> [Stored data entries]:
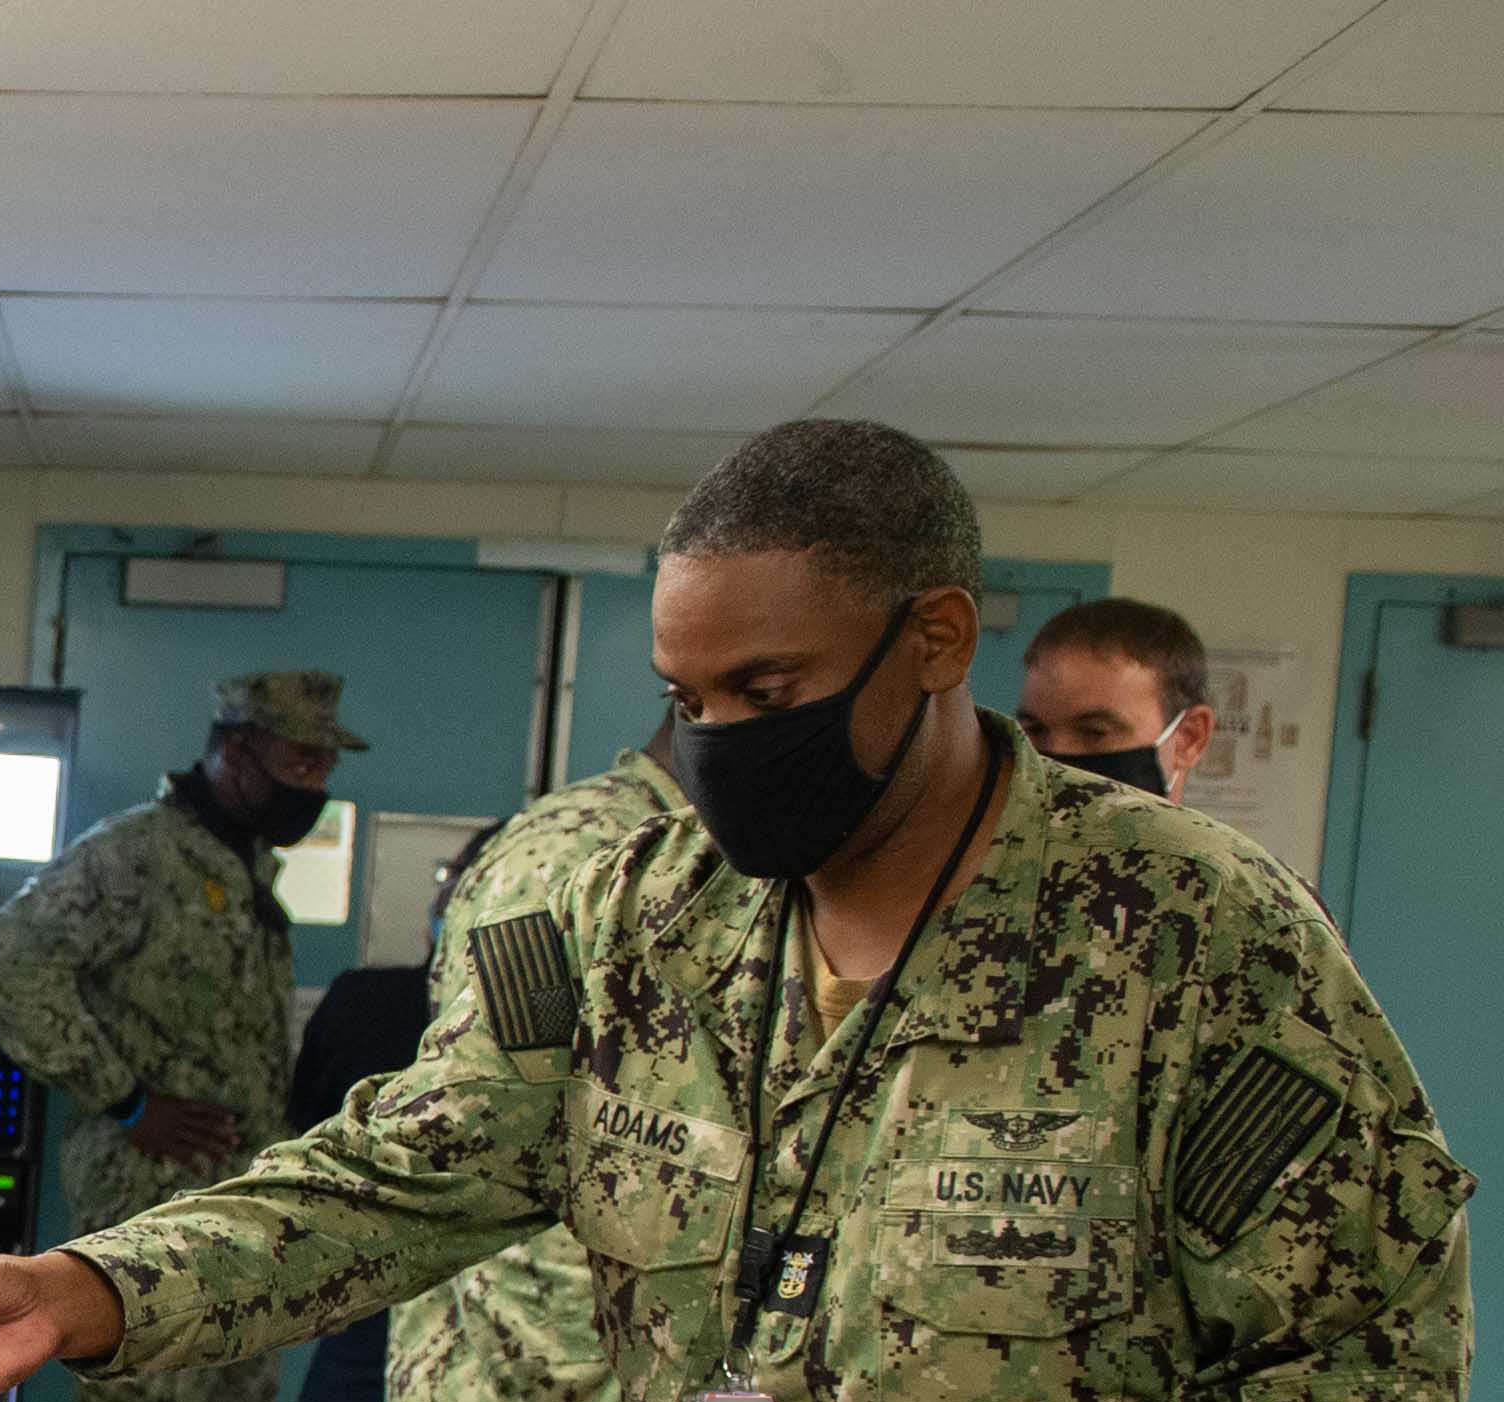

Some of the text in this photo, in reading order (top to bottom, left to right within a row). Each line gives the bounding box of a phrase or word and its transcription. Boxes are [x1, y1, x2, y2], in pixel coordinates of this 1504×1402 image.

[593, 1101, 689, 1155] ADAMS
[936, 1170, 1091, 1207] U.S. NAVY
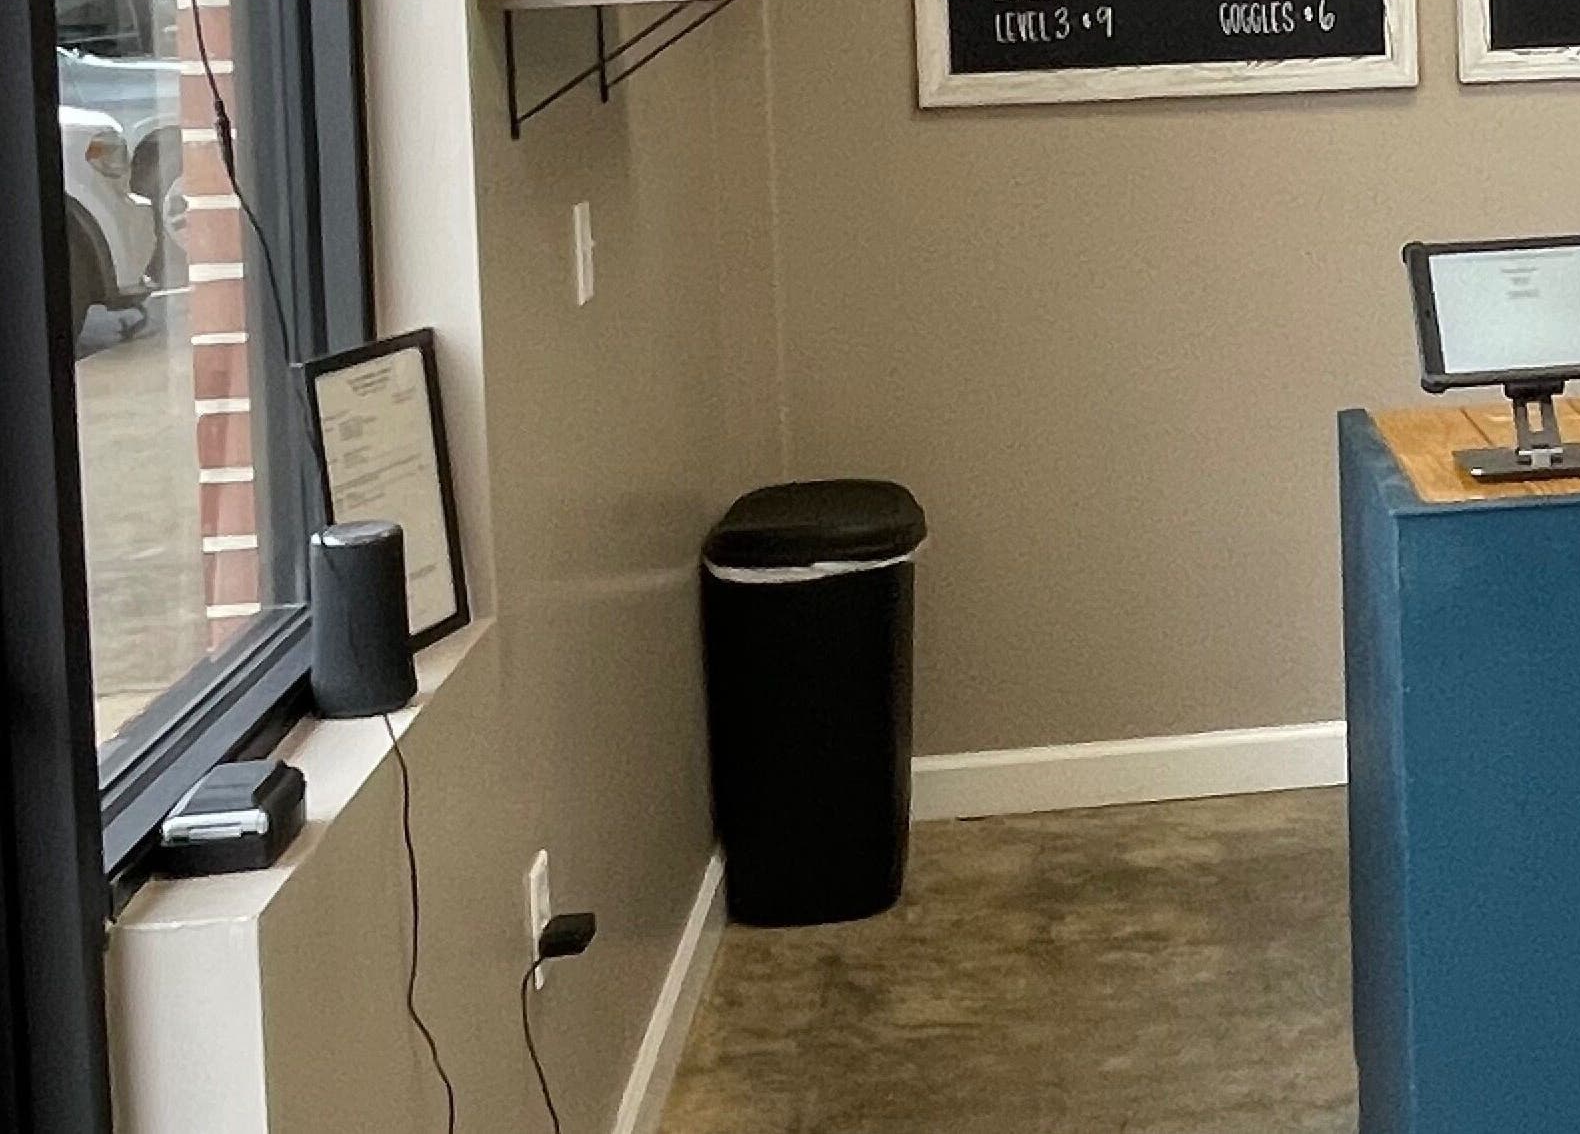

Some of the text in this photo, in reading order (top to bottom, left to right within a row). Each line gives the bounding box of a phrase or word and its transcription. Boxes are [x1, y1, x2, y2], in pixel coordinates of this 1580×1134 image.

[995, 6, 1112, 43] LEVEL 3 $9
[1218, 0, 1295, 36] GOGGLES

> [What to do]:
After locating the line with "this 1580×1134 image.", please repeat it and every line after it exactly, through the end of the data above.

> [Your solution]:
Some of the text in this photo, in reading order (top to bottom, left to right within a row). Each line gives the bounding box of a phrase or word and its transcription. Boxes are [x1, y1, x2, y2], in pixel coordinates of this 1580×1134 image.

[995, 6, 1112, 43] LEVEL 3 $9
[1218, 0, 1295, 36] GOGGLES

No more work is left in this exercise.